記憶、妄想に変わる。妄想だけが肥大化する。
「例えば此処はワンダーランド。
望めば現実になる、しかしハリボテ。自問自答の溺れて焼き尽くされるよう、初めから仕組まれている罠のような午後」
緩やかなアルペジオ、風の行方を慮る。ふわりグライドしてる。歌うように真っ直ぐに。
天女の羽衣を敷いてから塗ったような水色の彼方。天を仰げ、瞼に透かせ、仄かな朱色に染めた白いにで感じる風の音色と香りにその少女、酔いしれるように。或いは処女を捧ぐように身を委ねてる。
「継ぎ接ぎだらけの欲望を正当化してた。
それが罷り通るって、本気で信じてた」
その少女、幼くも草原のピアニスト。街角を歩くように白黒の鍵盤を行き交う十本の細い、ほそーい指。とても綺麗で、とてもか弱そうで、とても白くて、まるでお人形のようなカラダのイチブ。それトゼンブ。
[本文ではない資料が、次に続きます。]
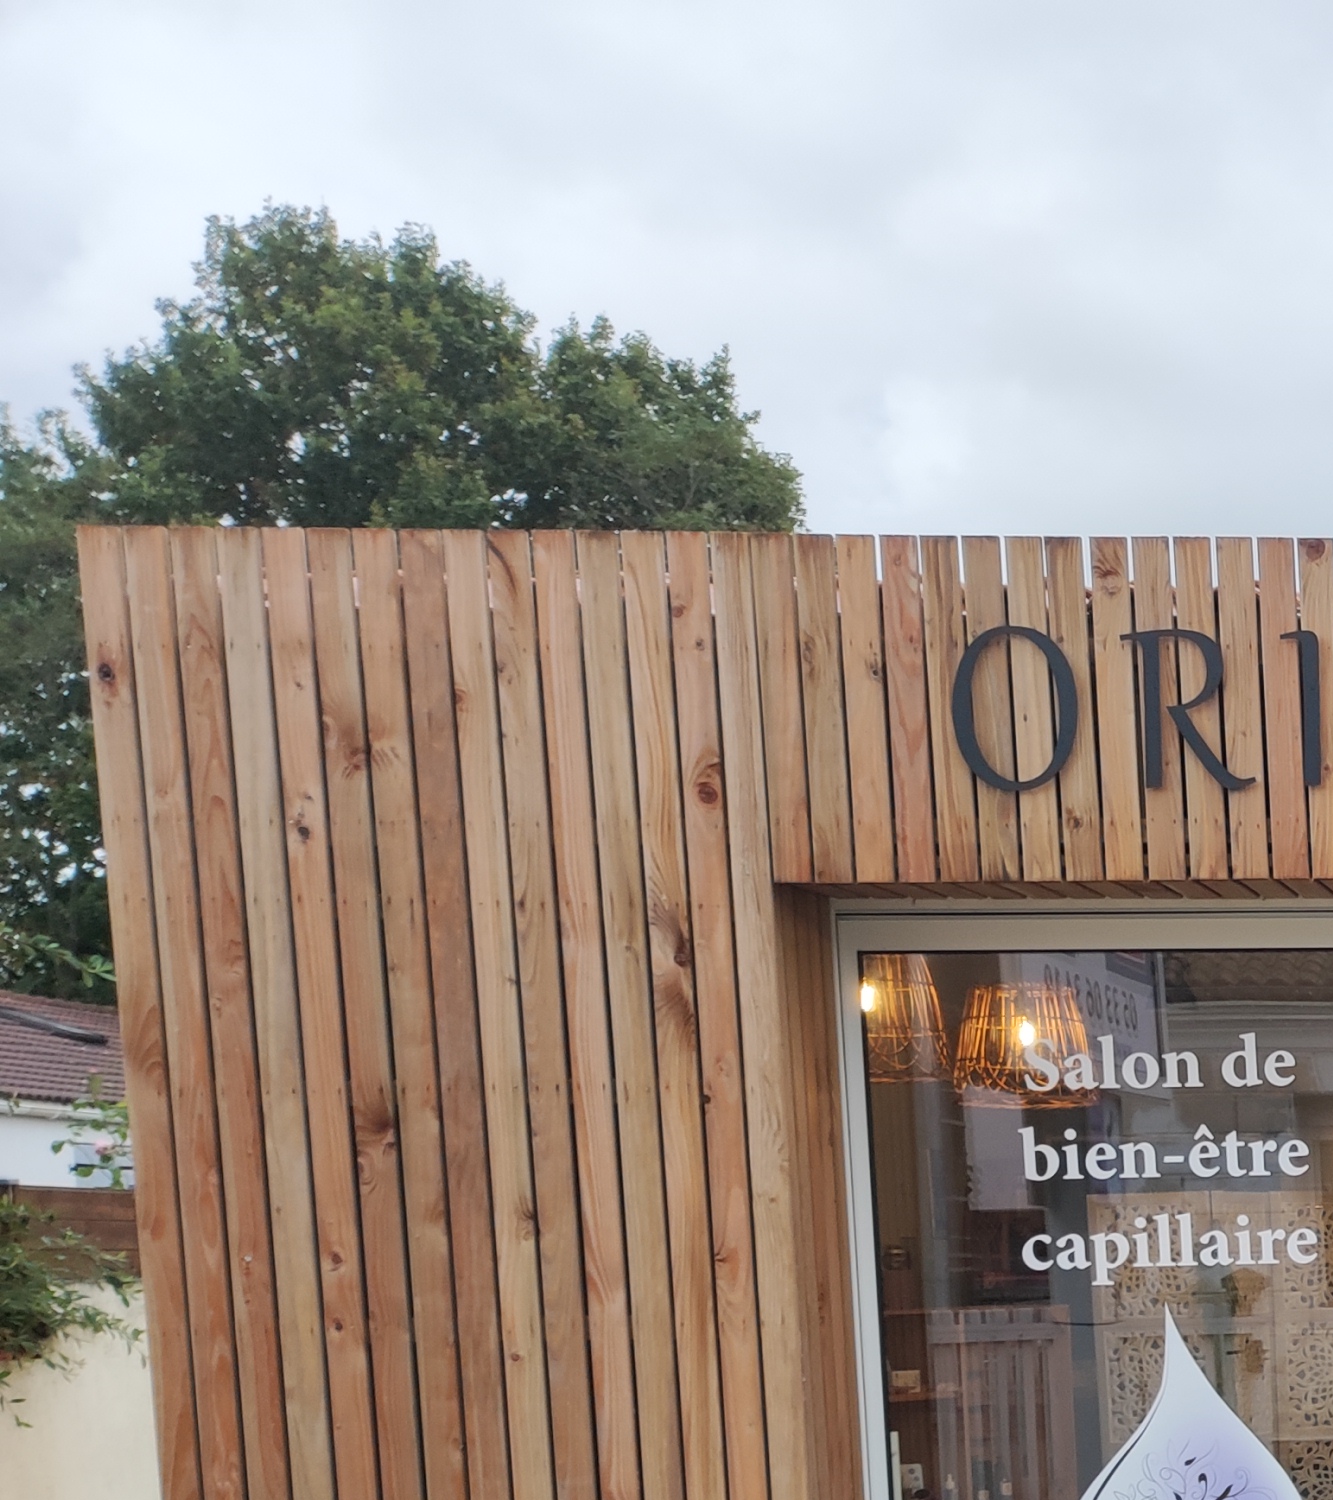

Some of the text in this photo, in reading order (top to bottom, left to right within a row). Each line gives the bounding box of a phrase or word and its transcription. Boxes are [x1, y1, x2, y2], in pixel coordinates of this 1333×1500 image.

[1022, 1031, 1297, 1092] Salon de
[1017, 1123, 1310, 1182] bien-être
[1021, 1212, 1319, 1286] capillaire
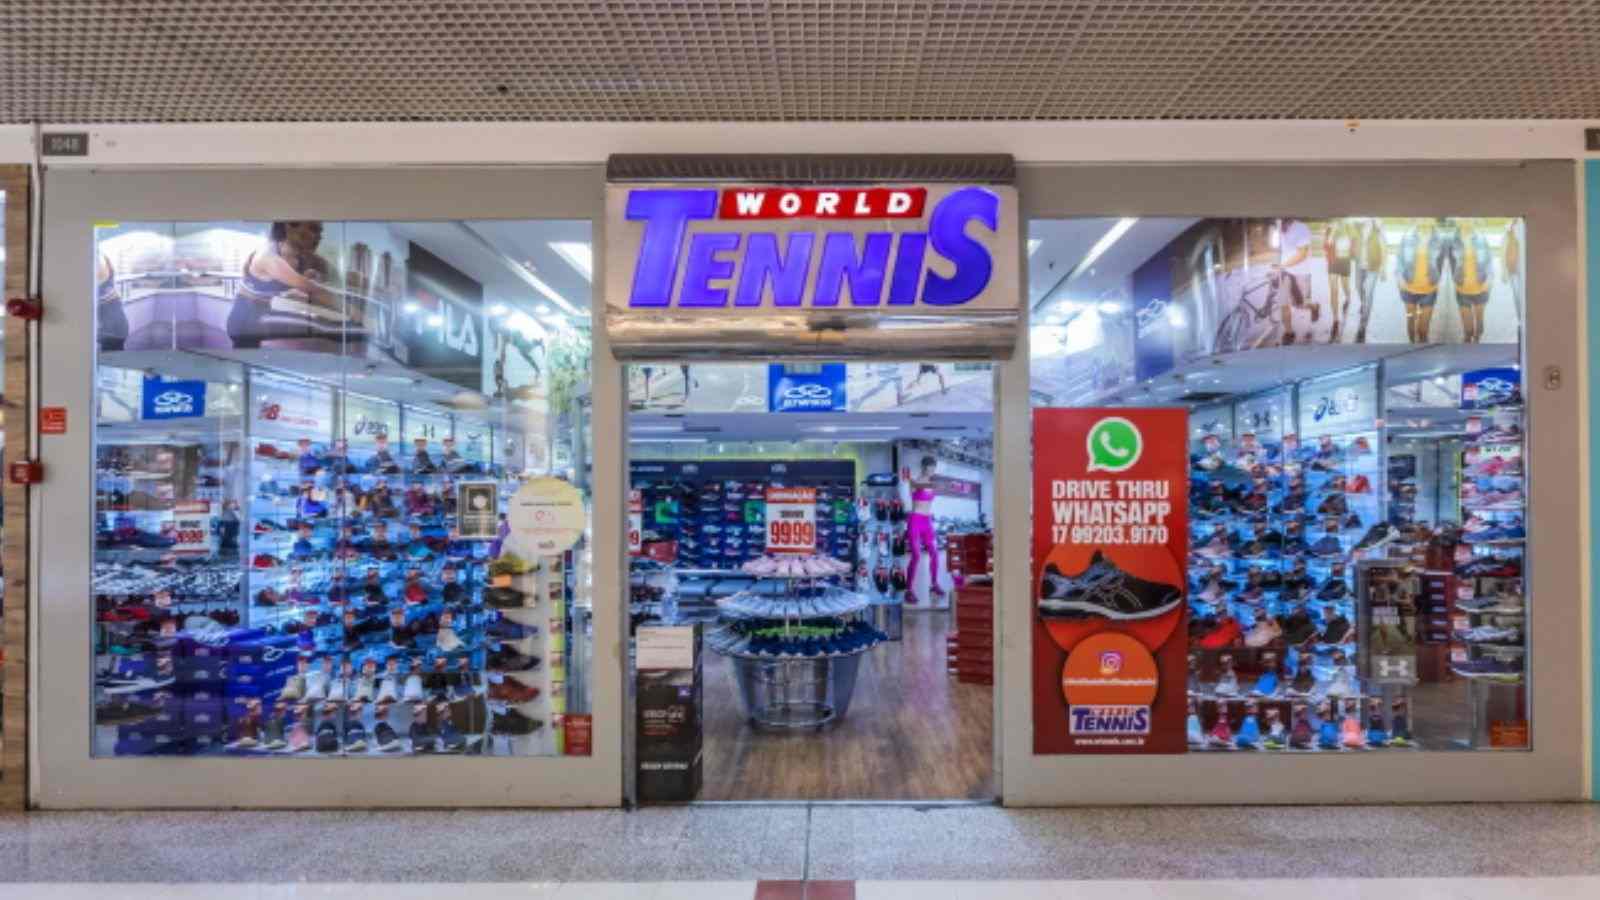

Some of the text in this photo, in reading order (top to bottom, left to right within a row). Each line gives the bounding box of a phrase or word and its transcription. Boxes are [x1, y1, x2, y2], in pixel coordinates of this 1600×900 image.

[736, 192, 912, 215] WORLD
[625, 186, 999, 307] TENNIS
[1052, 480, 1169, 499] DRIVE THRU
[1052, 500, 1171, 523] WHATSAPP
[1052, 525, 1168, 543] 17 99203.9170
[1072, 708, 1147, 731] TENNIS
その少女、とてもにこにこしていた。ころ、からっ。なにか物音。
彼女のほっぺの中から響いて聞こえる。音が鳴るたび、彼女は嬉しそうに口角を緩ませている。紅色の唾液が口の端に滲んで、それでも少女笑ってる。能面みたいだった。
「誰かに教わることじゃない。自分で求めるものじゃない」
砂粒、草の根の屋根から空を眺める。
そして眇める、空の青と、本当の気持ちを知るがため。
Take3031。
メェ〜。ヒツジさんが鳴いた。欠伸みたいだった。
少女、ヒツジさんに座っていた。ヒツジさんは椅子だった。もこもこ綿毛がクッションみたいで気持ちイイのだ。尻の下に敷かれても怒んないヒツジさん。太陽の匂いがした。
セピア色な世界。
少女、何を思って奏でてるのかな?
そしたら少女、振り返った。にっこり笑ってる。からっころ。うるせェなぁ■すぞ。
ねぇ、少女はどこに振り向いたの? マエウシろひダリミぎ、その他八方。ITTAI、どこに視線を突き刺した。君の焦点は、どこなんだ?
――ほしいの。
だそうです。
――だから、サガシテルの。
――今も、昔も――さがしてるの。
「それで何が正義だ、悪だ?
UFOが飛んでると言えば、百人のうち何人が信じてくれる?」
諸行無常。
なんで世界は繰り返す? 同じ毎日って、そんなに面白いか?
可愛いって男の子に褒められた女の子のようなトキメキ。Drastic気味に。それを欲するのって、箸を二本一組で一膳として扱うぐらい基本的かもねっ。
風が強くなってきた。
そよ風、譬えるならスカートの裾。あんな風に優しい娘。
しゃららっ。それが風鳴り。嘘は言っちゃいない。大人は嘘をつかないんじゃない、ただ間違いが多いだけさ。
――でも……
「知りたくない。明日がどんな日なんて」
無言のメッセージが空に描かれてた。
さあそれを見た少女、ベーと舌を出す。
――みつからない、みつからないよ。
――どうしてかな。わたしのせいなのかな?
少女のベロにお行儀よく座ったそれは譬えるなら、星屑だった。
群青ハイウェイを走る獅子座流星群から逸れて落ちたナレノハテ、希望と絶望の環っか。空洞ではないです。てへ。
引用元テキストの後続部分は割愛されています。